[Images for object localization]
== Segment start ==
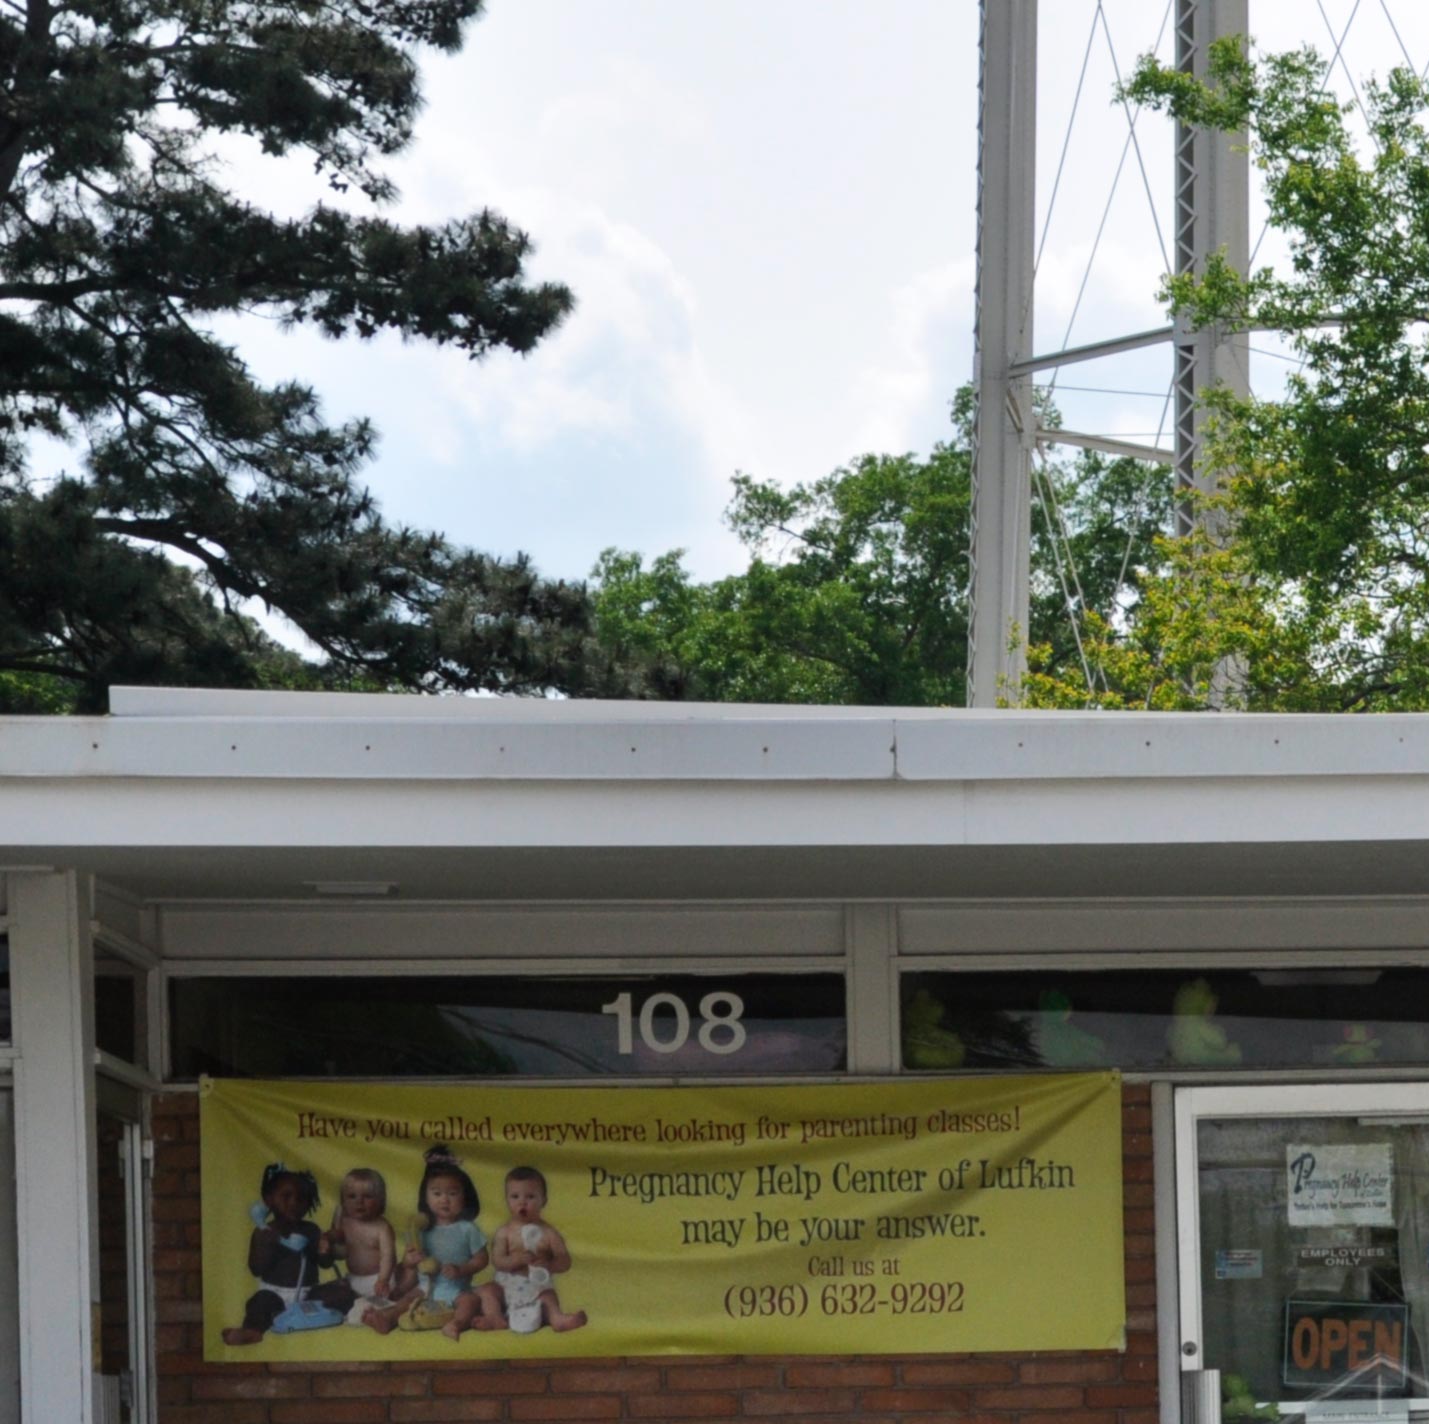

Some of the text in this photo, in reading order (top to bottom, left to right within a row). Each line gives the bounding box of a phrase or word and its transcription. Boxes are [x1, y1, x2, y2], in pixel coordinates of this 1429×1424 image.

[602, 991, 747, 1054] 108
[298, 1105, 1021, 1146] Have you called everywhere looking for parenting classes!
[589, 1158, 1076, 1203] Pregnancy Help Center of Lufkin
[680, 1211, 987, 1248] may be your answer.
[807, 1256, 900, 1277] Call us at
[1300, 1247, 1385, 1258] EMPLOYEES
[1324, 1257, 1361, 1267] ONLY
[724, 1281, 966, 1319] (936) 632-9292
[1291, 1316, 1402, 1371] OPEN
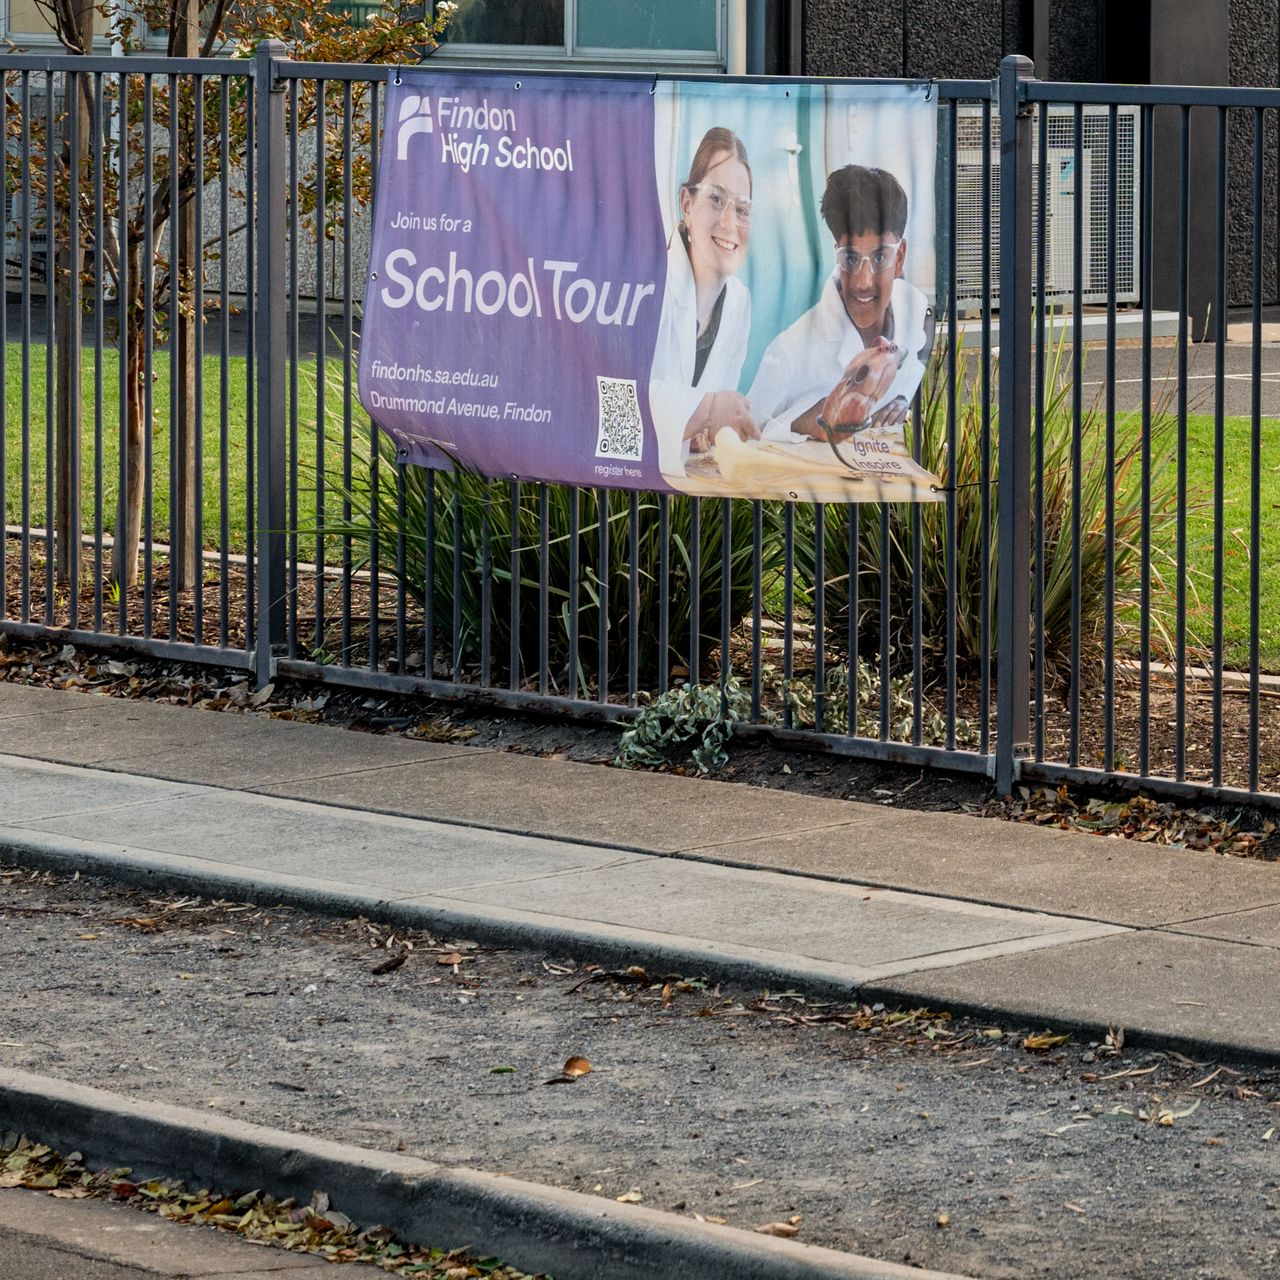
== Segment end ==
[What you are asked to do]
Produce the entries above once more, exactly as given, with each picture left out.

[Response area]
Some of the text in this photo, in reading order (top to bottom, left to right within a row). Each line gives the bounding box of a phrase or word and its transcription. Boxes are [x1, y1, x2, y2], in pixel coordinates of this 1429×1424 image.

[602, 991, 747, 1054] 108
[298, 1105, 1021, 1146] Have you called everywhere looking for parenting classes!
[589, 1158, 1076, 1203] Pregnancy Help Center of Lufkin
[680, 1211, 987, 1248] may be your answer.
[807, 1256, 900, 1277] Call us at
[1300, 1247, 1385, 1258] EMPLOYEES
[1324, 1257, 1361, 1267] ONLY
[724, 1281, 966, 1319] (936) 632-9292
[1291, 1316, 1402, 1371] OPEN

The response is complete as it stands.